New Mechanism of Action Identified for PARP Inhibitors
(HealthDay News) – PARP inhibitors trap PARP enzymes at damaged DNA, inducing cytotoxic complexes, according to a study published in the Nov. 1 issue of Cancer Research.
Noting that PARP inhibitors are thought to mediate their antitumor effects by catalytic activation that blocks repair of DNA single strand breaks, Junko Murai, MD, PhD, from the National Institutes of Health in Bethesda, MD, and colleagues examined their mechanism of action in cancer cells.

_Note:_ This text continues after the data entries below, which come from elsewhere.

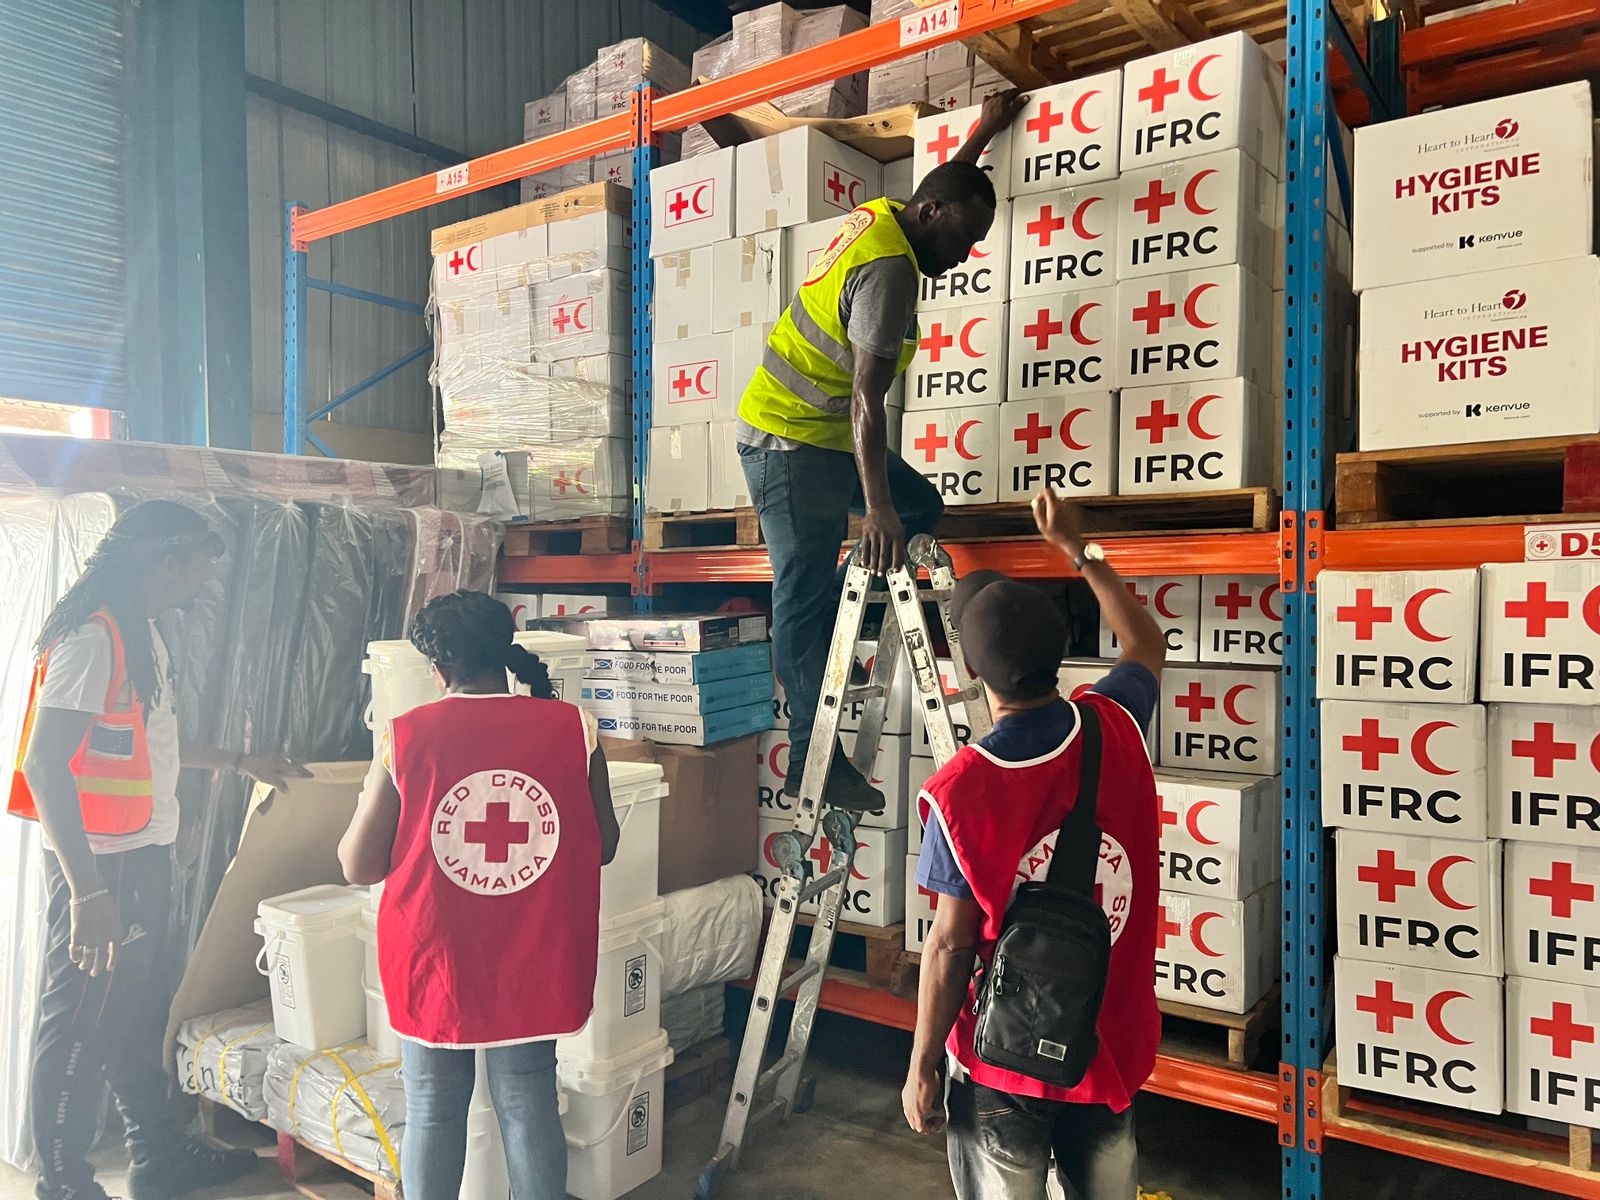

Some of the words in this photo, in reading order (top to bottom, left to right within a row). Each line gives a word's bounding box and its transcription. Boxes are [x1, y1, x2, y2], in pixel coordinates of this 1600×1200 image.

[918, 10, 948, 35] A14
[611, 101, 626, 110] IFRC
[1136, 112, 1221, 155] IFRC
[1418, 142, 1446, 154] Heart
[1464, 133, 1494, 144] Heart
[448, 170, 463, 186] A15
[1025, 144, 1101, 183] IFRC
[1395, 152, 1540, 199] HYGIENE
[1432, 186, 1500, 215] KITS
[1132, 226, 1218, 265] IFRC
[1412, 243, 1445, 254] supported
[1025, 250, 1103, 285] IFRC
[922, 269, 991, 301] IFRC
[1424, 309, 1454, 320] Heart
[1472, 302, 1501, 312] Heart
[1131, 340, 1219, 375] IFRC
[1401, 325, 1548, 364] HYGIENE
[917, 368, 987, 398] IFRC
[1022, 356, 1101, 388] IFRC
[1438, 356, 1507, 382] KITS
[1418, 410, 1451, 418] supported
[1013, 461, 1092, 491] IFRC
[1135, 452, 1223, 483] IFRC
[1112, 628, 1184, 652] IC
[1214, 630, 1283, 655] IFRC
[614, 661, 634, 669] FOOD
[636, 662, 650, 670] FOR
[1337, 655, 1453, 690] IFRC
[1505, 653, 1600, 690] IFR
[654, 693, 668, 701] THE
[670, 694, 692, 703] POOR
[619, 721, 640, 730] FOOD
[642, 723, 656, 731] FOR
[674, 725, 697, 734] POOR
[1175, 732, 1257, 761] IFRC
[438, 786, 470, 834] RED
[492, 774, 555, 835] CROSS
[1343, 784, 1462, 824] IFRC
[1512, 791, 1600, 832] IFR
[444, 855, 547, 889] JAMAICA
[1159, 851, 1221, 884] RC
[1359, 914, 1480, 958] IFRC
[1154, 961, 1226, 997] FRC
[1358, 1043, 1476, 1094] IFRC
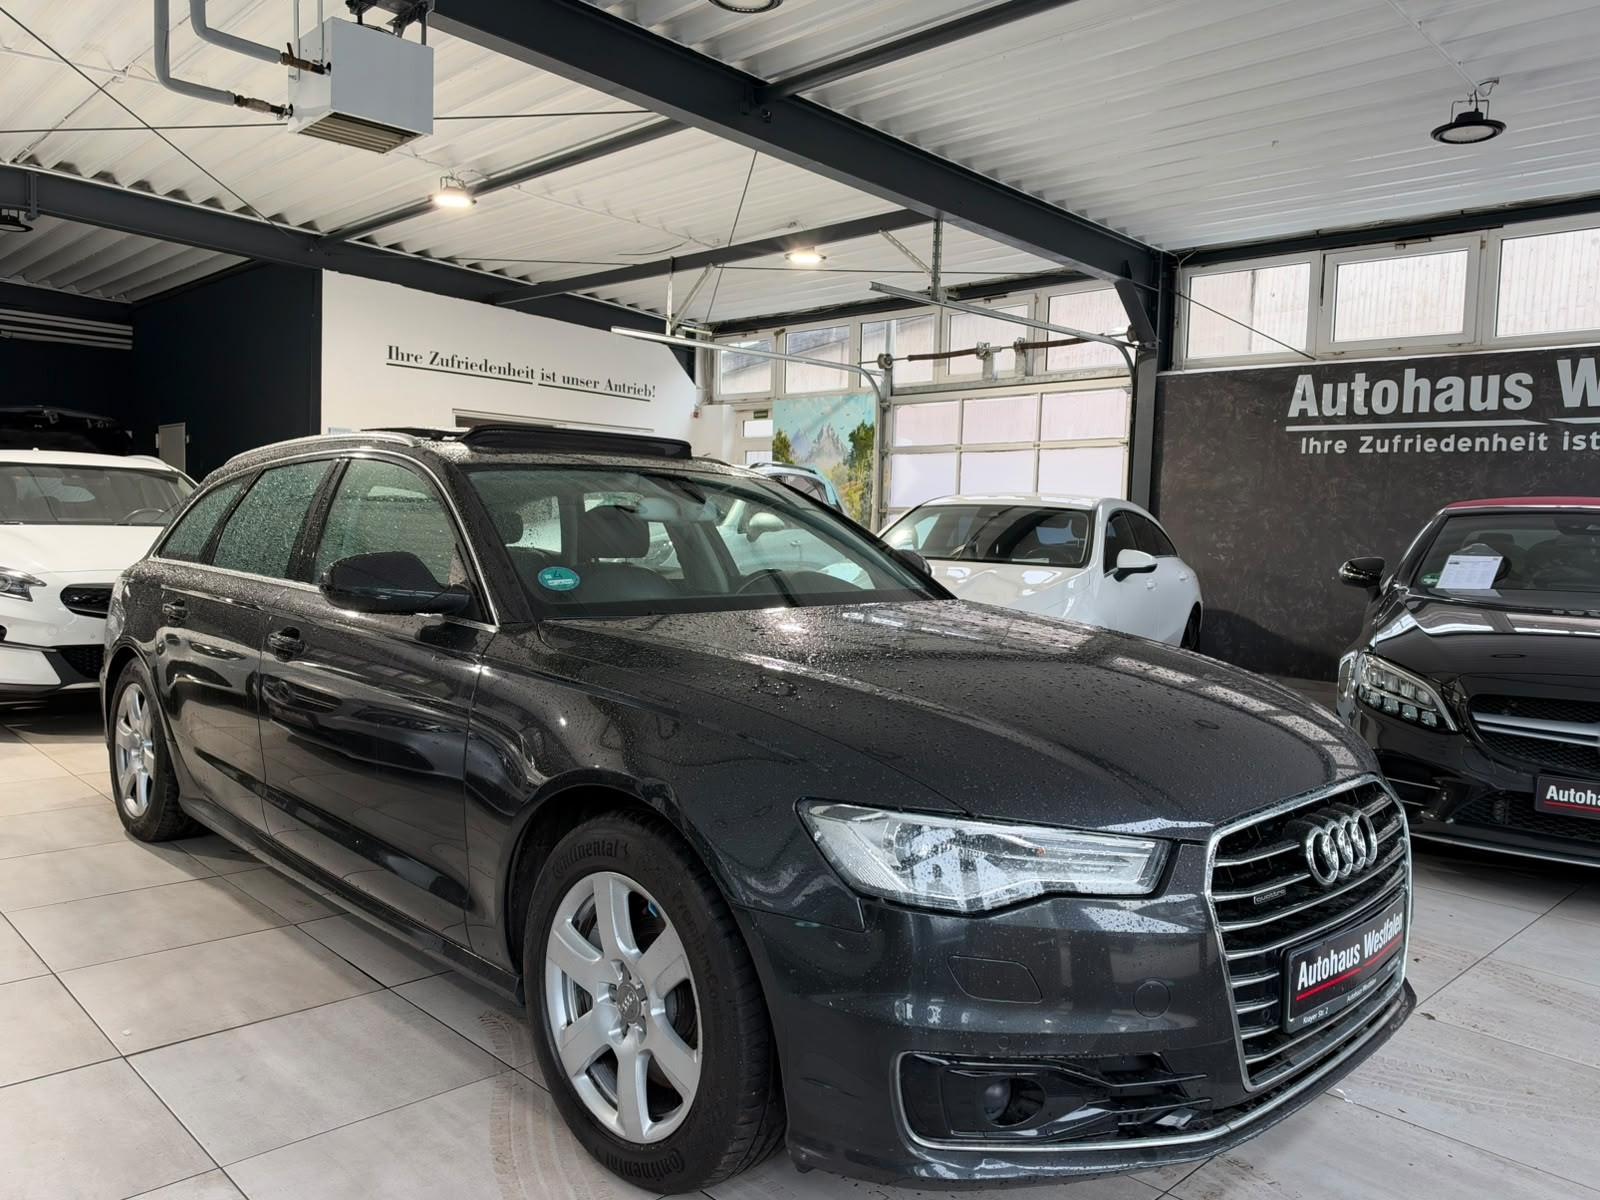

The researchers found that PARP inhibitors trapped PARP1 and PARP2 enzymes at damaged DNA. The resulting PARP-DNA complexes were more cytotoxic than single strand breaks that were unrepaired by inactivation of PARP. The potency in trapping PARP differed substantially among inhibitors with niraparib (MK-4827)>olaparib (AZD-2281)>>veliparib (ABT-888). This pattern did not relate to the known catalytic inhibitory properties of these drugs. Analysis of 30 genetically altered avian DT40 cell lines with pre-established deletions in specific DNA repair genes showed that repair of trapped PARP-DNA complexes required homologous recombination, post-replication repair, the Fanconi anemia pathway, polymerase β, and FEN1.
"In summary, this is the first report showing the toxic PARP-DNA complex by PARP inhibitors, and the greatly different potency to poison PARP among clinical PARP inhibitors irrespective of the potency to inhibit PARP catalytic activity," the authors write. "It also reveals new genetic repair pathways that are critical for the repair of PARP-DNA complexes, and potential synthetic lethality, which can be exploited for additional clinical use of PARP inhibitors."